[Text-to-region grounding data]
————
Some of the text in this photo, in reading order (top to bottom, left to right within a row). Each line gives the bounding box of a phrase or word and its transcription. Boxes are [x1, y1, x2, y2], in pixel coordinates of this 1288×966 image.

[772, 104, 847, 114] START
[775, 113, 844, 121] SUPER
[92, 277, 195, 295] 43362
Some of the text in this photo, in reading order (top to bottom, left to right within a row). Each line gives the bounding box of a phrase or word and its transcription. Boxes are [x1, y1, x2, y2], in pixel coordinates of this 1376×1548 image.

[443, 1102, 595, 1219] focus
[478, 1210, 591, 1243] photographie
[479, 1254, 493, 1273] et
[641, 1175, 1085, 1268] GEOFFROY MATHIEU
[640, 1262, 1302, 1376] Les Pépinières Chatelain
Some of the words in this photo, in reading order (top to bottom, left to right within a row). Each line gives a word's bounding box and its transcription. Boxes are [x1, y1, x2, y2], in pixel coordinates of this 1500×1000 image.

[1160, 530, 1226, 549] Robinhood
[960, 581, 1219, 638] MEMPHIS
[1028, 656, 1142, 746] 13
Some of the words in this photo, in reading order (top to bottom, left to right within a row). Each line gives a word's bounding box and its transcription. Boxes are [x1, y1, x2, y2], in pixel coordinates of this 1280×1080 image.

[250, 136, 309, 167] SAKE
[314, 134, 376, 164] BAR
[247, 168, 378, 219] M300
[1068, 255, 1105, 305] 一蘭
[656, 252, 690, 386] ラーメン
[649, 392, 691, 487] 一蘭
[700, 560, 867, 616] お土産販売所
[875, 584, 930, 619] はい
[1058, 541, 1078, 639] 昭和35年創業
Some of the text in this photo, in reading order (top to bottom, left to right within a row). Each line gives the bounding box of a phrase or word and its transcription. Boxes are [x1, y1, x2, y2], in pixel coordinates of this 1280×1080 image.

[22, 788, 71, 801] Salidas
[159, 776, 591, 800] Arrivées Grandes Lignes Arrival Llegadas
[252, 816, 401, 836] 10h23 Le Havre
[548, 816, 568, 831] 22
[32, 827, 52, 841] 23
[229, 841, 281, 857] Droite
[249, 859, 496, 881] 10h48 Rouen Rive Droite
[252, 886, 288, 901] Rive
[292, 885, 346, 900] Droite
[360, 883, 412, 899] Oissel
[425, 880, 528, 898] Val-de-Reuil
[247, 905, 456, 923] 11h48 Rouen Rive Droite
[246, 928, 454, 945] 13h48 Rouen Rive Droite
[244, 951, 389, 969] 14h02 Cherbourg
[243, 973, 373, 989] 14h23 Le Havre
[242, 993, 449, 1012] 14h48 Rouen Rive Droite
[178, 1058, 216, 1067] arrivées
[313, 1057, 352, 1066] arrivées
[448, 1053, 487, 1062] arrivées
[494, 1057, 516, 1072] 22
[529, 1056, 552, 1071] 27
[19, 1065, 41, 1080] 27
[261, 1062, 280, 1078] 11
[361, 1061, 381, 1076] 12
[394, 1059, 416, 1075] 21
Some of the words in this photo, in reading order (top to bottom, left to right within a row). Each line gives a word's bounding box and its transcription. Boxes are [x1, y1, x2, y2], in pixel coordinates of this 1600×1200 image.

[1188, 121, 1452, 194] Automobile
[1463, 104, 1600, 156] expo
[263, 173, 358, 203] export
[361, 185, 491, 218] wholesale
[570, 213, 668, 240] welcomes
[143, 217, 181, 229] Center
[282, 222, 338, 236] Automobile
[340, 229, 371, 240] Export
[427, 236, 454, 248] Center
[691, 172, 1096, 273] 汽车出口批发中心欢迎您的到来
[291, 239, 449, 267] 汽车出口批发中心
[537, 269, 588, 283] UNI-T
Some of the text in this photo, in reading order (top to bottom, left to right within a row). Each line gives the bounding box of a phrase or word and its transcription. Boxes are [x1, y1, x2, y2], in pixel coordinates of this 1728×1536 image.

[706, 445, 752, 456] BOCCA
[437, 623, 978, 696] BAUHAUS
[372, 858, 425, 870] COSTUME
————
> [TASK ITEM]: Transcribe the entries exactly, and make each line match the original.

> [COMPLETED EXERCISE]:
Some of the text in this photo, in reading order (top to bottom, left to right within a row). Each line gives the bounding box of a phrase or word and its transcription. Boxes are [x1, y1, x2, y2], in pixel coordinates of this 1288×966 image.

[772, 104, 847, 114] START
[775, 113, 844, 121] SUPER
[92, 277, 195, 295] 43362
Some of the text in this photo, in reading order (top to bottom, left to right within a row). Each line gives the bounding box of a phrase or word and its transcription. Boxes are [x1, y1, x2, y2], in pixel coordinates of this 1376×1548 image.

[443, 1102, 595, 1219] focus
[478, 1210, 591, 1243] photographie
[479, 1254, 493, 1273] et
[641, 1175, 1085, 1268] GEOFFROY MATHIEU
[640, 1262, 1302, 1376] Les Pépinières Chatelain
Some of the words in this photo, in reading order (top to bottom, left to right within a row). Each line gives a word's bounding box and its transcription. Boxes are [x1, y1, x2, y2], in pixel coordinates of this 1500×1000 image.

[1160, 530, 1226, 549] Robinhood
[960, 581, 1219, 638] MEMPHIS
[1028, 656, 1142, 746] 13
Some of the words in this photo, in reading order (top to bottom, left to right within a row). Each line gives a word's bounding box and its transcription. Boxes are [x1, y1, x2, y2], in pixel coordinates of this 1280×1080 image.

[250, 136, 309, 167] SAKE
[314, 134, 376, 164] BAR
[247, 168, 378, 219] M300
[1068, 255, 1105, 305] 一蘭
[656, 252, 690, 386] ラーメン
[649, 392, 691, 487] 一蘭
[700, 560, 867, 616] お土産販売所
[875, 584, 930, 619] はい
[1058, 541, 1078, 639] 昭和35年創業
Some of the text in this photo, in reading order (top to bottom, left to right within a row). Each line gives the bounding box of a phrase or word and its transcription. Boxes are [x1, y1, x2, y2], in pixel coordinates of this 1280×1080 image.

[22, 788, 71, 801] Salidas
[159, 776, 591, 800] Arrivées Grandes Lignes Arrival Llegadas
[252, 816, 401, 836] 10h23 Le Havre
[548, 816, 568, 831] 22
[32, 827, 52, 841] 23
[229, 841, 281, 857] Droite
[249, 859, 496, 881] 10h48 Rouen Rive Droite
[252, 886, 288, 901] Rive
[292, 885, 346, 900] Droite
[360, 883, 412, 899] Oissel
[425, 880, 528, 898] Val-de-Reuil
[247, 905, 456, 923] 11h48 Rouen Rive Droite
[246, 928, 454, 945] 13h48 Rouen Rive Droite
[244, 951, 389, 969] 14h02 Cherbourg
[243, 973, 373, 989] 14h23 Le Havre
[242, 993, 449, 1012] 14h48 Rouen Rive Droite
[178, 1058, 216, 1067] arrivées
[313, 1057, 352, 1066] arrivées
[448, 1053, 487, 1062] arrivées
[494, 1057, 516, 1072] 22
[529, 1056, 552, 1071] 27
[19, 1065, 41, 1080] 27
[261, 1062, 280, 1078] 11
[361, 1061, 381, 1076] 12
[394, 1059, 416, 1075] 21
Some of the words in this photo, in reading order (top to bottom, left to right within a row). Each line gives a word's bounding box and its transcription. Boxes are [x1, y1, x2, y2], in pixel coordinates of this 1600×1200 image.

[1188, 121, 1452, 194] Automobile
[1463, 104, 1600, 156] expo
[263, 173, 358, 203] export
[361, 185, 491, 218] wholesale
[570, 213, 668, 240] welcomes
[143, 217, 181, 229] Center
[282, 222, 338, 236] Automobile
[340, 229, 371, 240] Export
[427, 236, 454, 248] Center
[691, 172, 1096, 273] 汽车出口批发中心欢迎您的到来
[291, 239, 449, 267] 汽车出口批发中心
[537, 269, 588, 283] UNI-T
Some of the text in this photo, in reading order (top to bottom, left to right within a row). Each line gives the bounding box of a phrase or word and its transcription. Boxes are [x1, y1, x2, y2], in pixel coordinates of this 1728×1536 image.

[706, 445, 752, 456] BOCCA
[437, 623, 978, 696] BAUHAUS
[372, 858, 425, 870] COSTUME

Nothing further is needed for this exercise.